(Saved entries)
------------------------

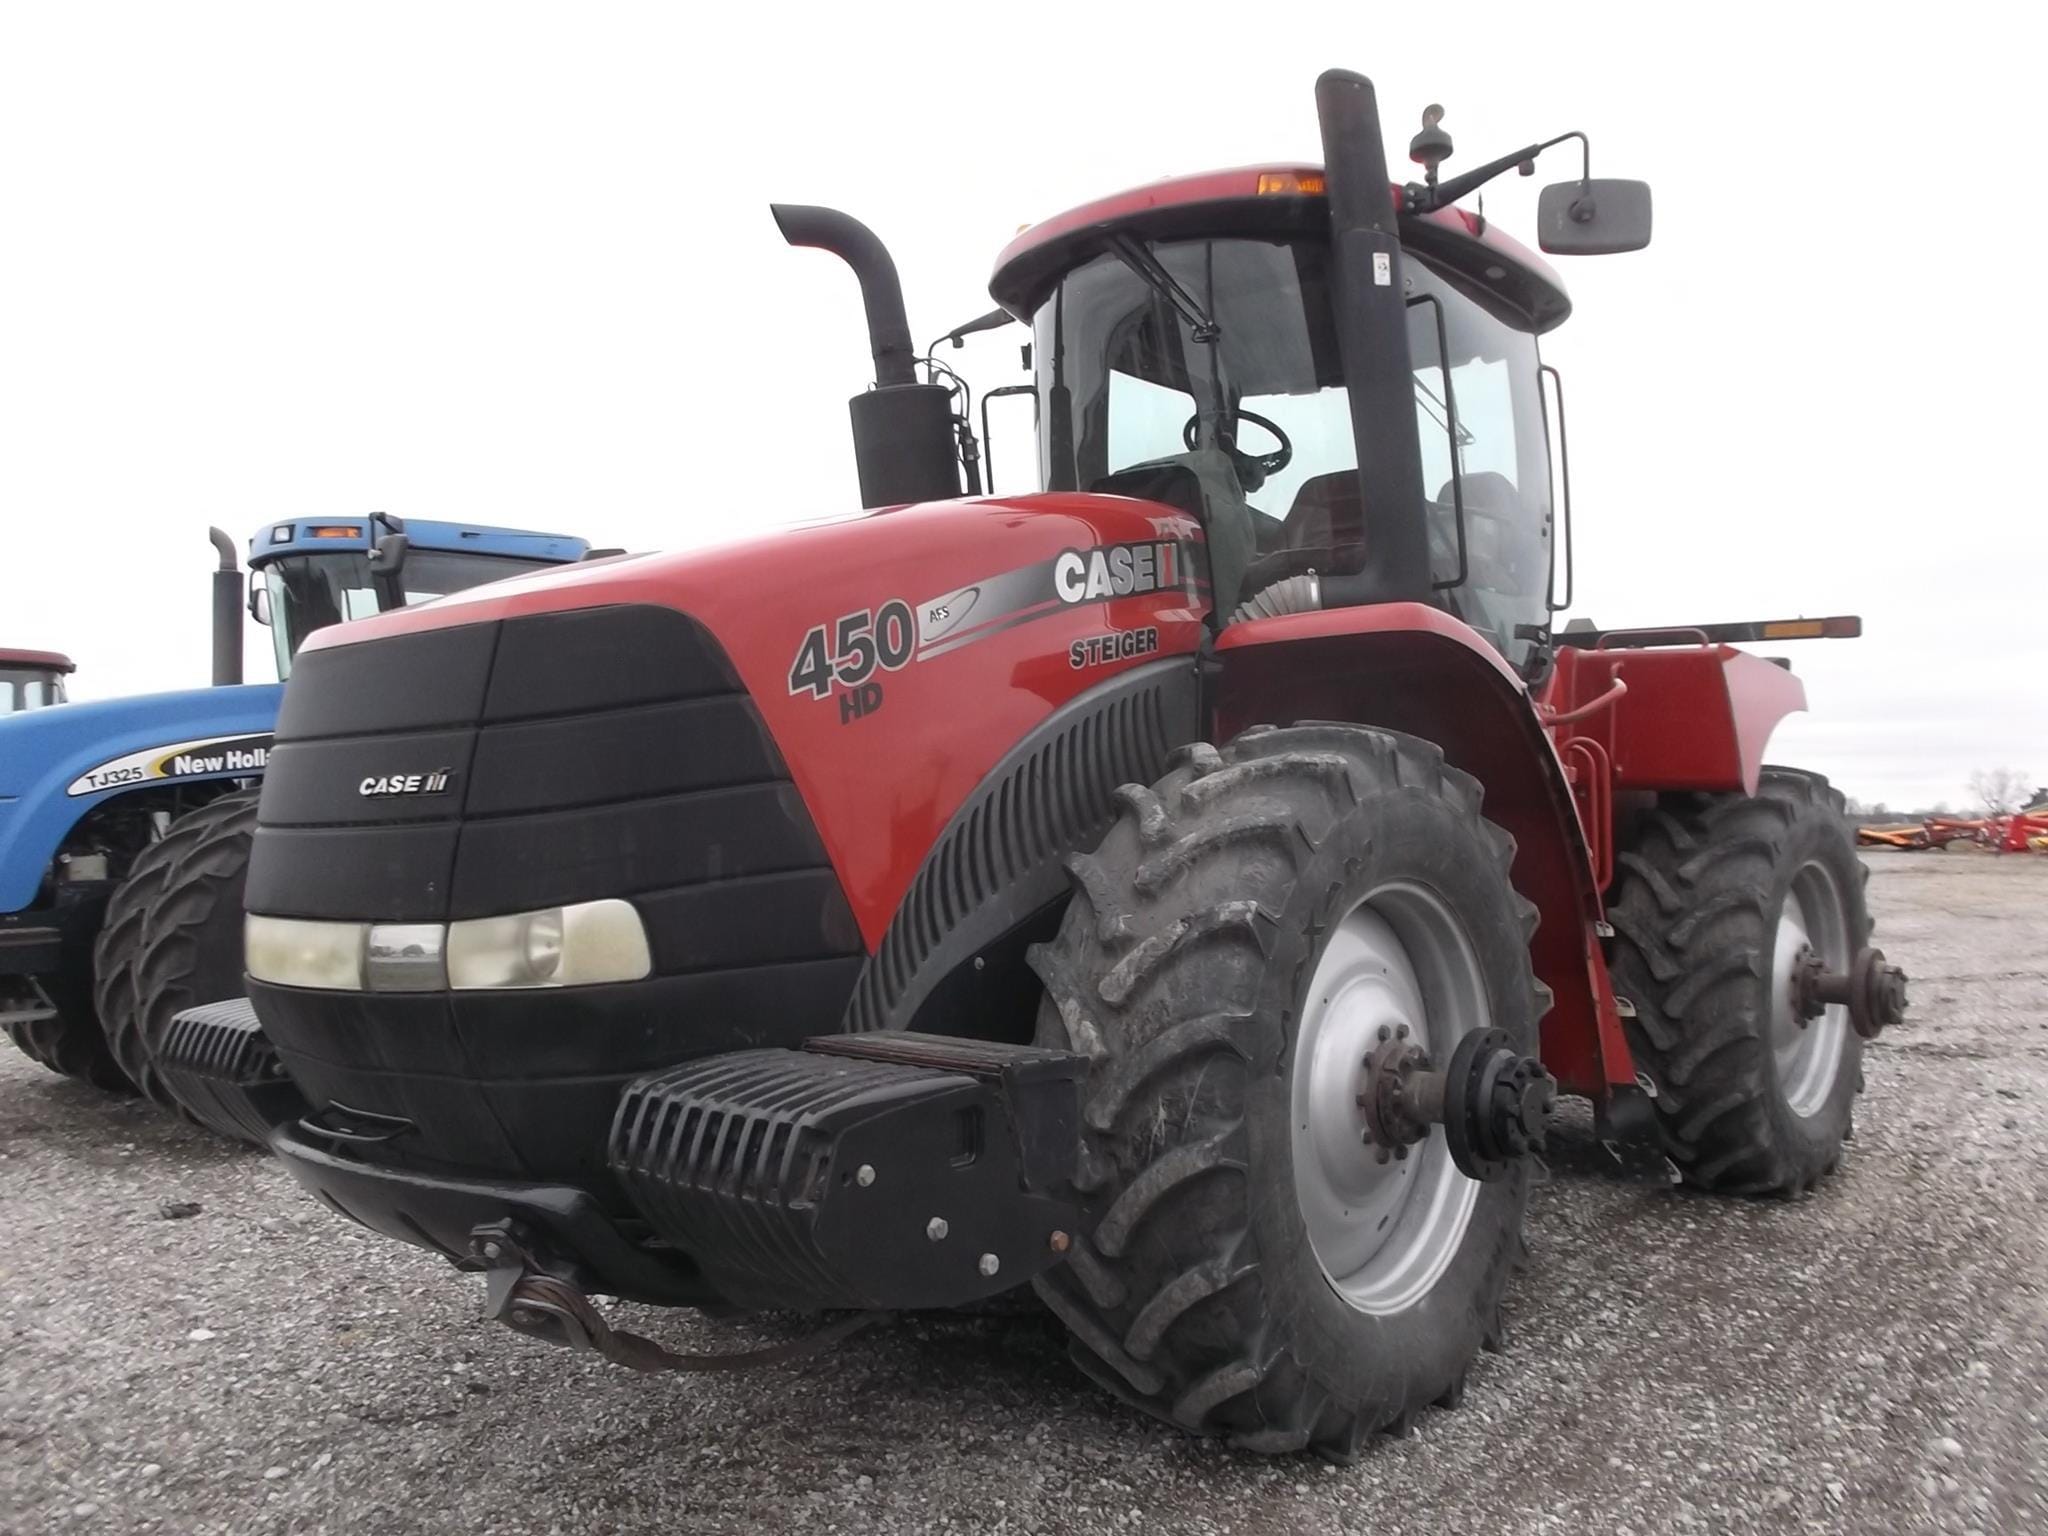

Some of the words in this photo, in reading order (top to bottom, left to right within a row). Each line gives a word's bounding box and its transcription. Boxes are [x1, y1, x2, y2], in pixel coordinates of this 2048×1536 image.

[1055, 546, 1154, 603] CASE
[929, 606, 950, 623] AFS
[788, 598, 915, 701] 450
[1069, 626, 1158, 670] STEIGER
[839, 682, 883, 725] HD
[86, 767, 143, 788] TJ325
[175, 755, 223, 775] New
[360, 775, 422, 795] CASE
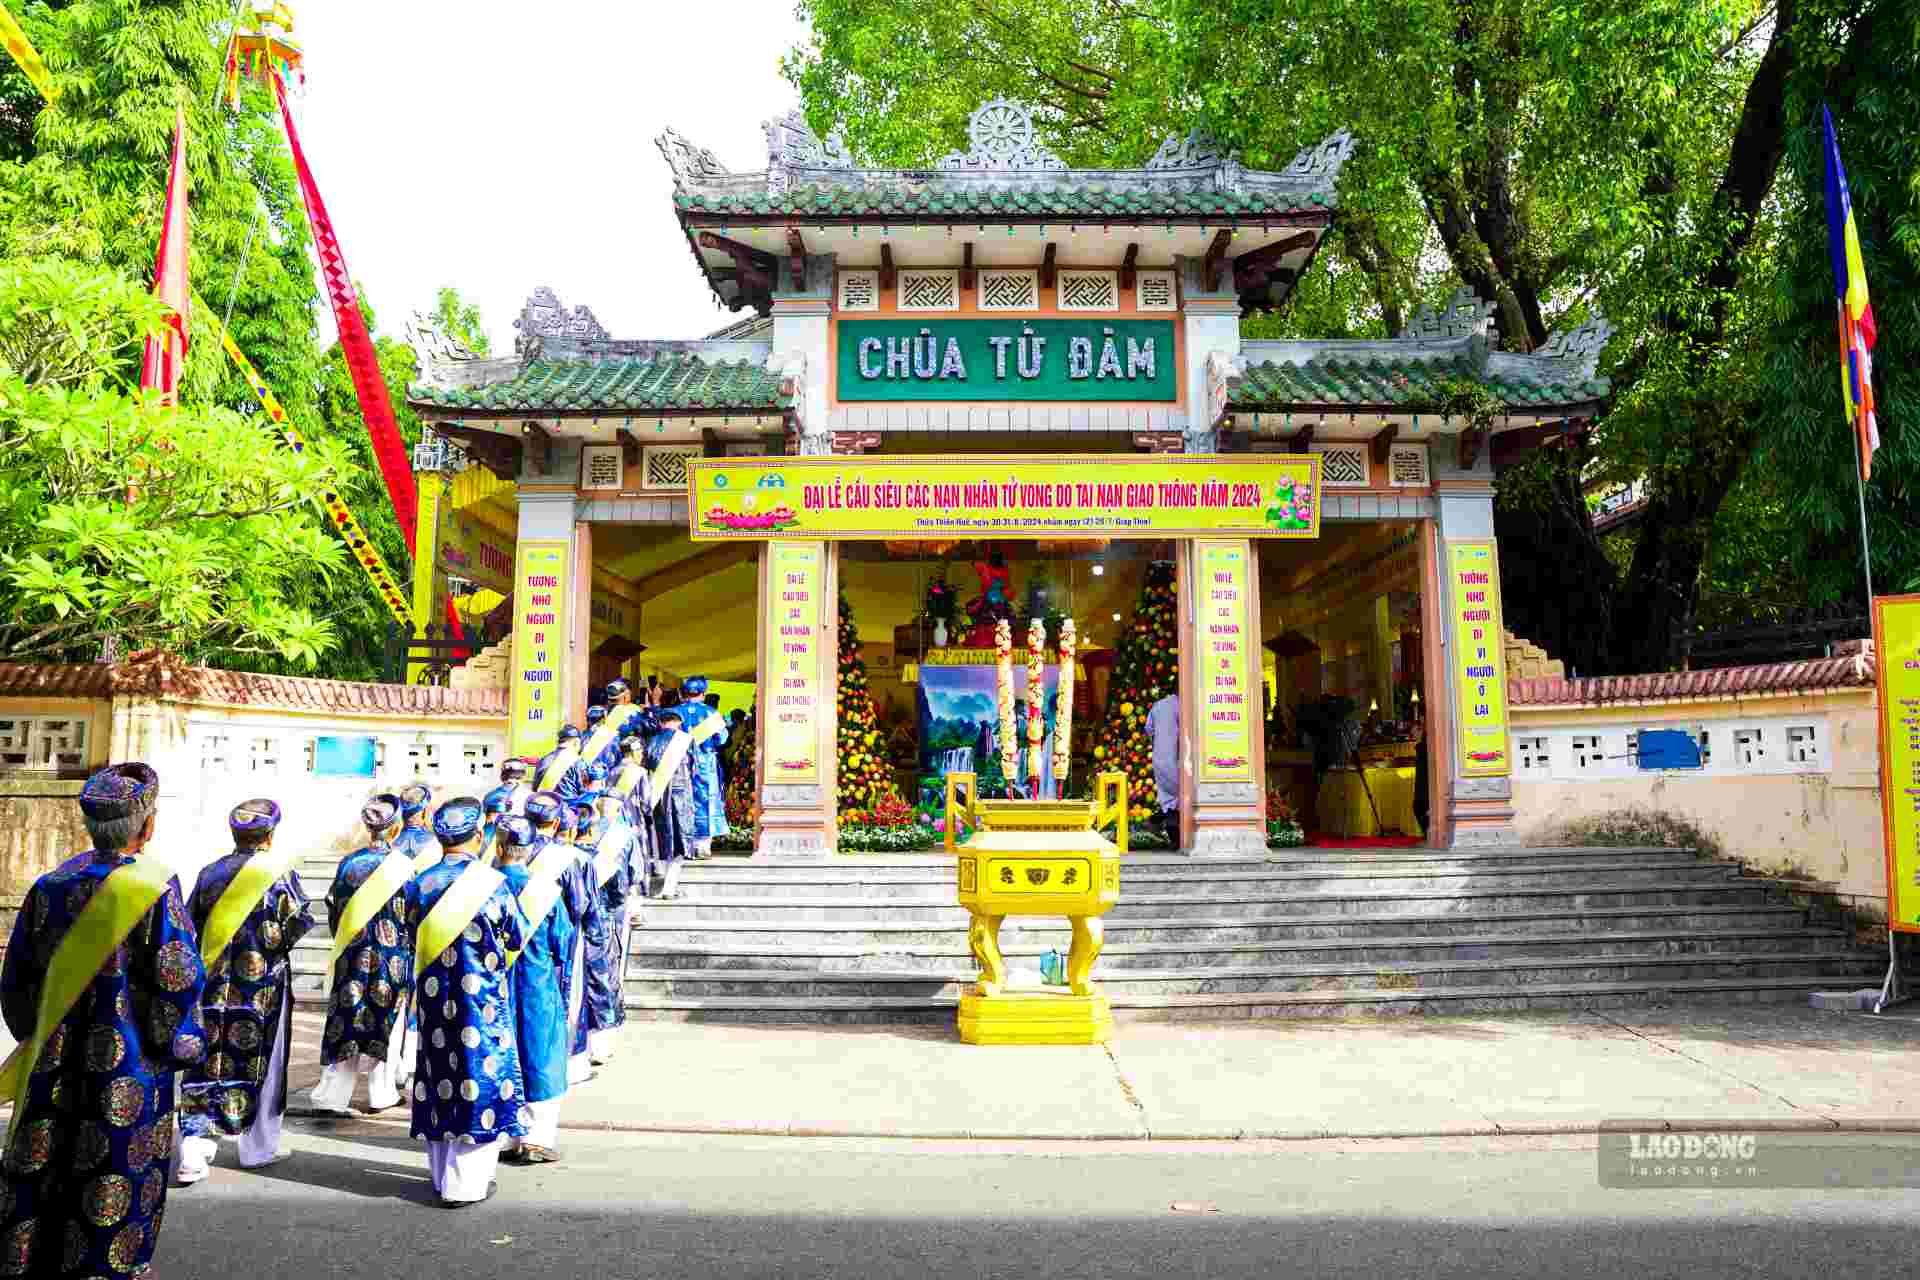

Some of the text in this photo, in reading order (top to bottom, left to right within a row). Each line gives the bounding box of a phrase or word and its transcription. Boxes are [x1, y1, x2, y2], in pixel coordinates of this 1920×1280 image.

------------------------

▶ _Requirement_: Each record must appear again exactly as written above, without its pictures.

▶ _Response to the task_:
Some of the words in this photo, in reading order (top to bottom, left to right within a row). Each line gives a word's bounding box and its transcription. Boxes are [x1, y1, x2, y2], in pixel coordinates of this 2048×1536 image.

[1055, 546, 1154, 603] CASE
[929, 606, 950, 623] AFS
[788, 598, 915, 701] 450
[1069, 626, 1158, 670] STEIGER
[839, 682, 883, 725] HD
[86, 767, 143, 788] TJ325
[175, 755, 223, 775] New
[360, 775, 422, 795] CASE

Some of the text in this photo, in reading order (top to bottom, left to right within a row). Each line gives the bounding box of a phrase or word and its transcription. Boxes are [x1, y1, x2, y2], in pixel coordinates of this 1920×1280 image.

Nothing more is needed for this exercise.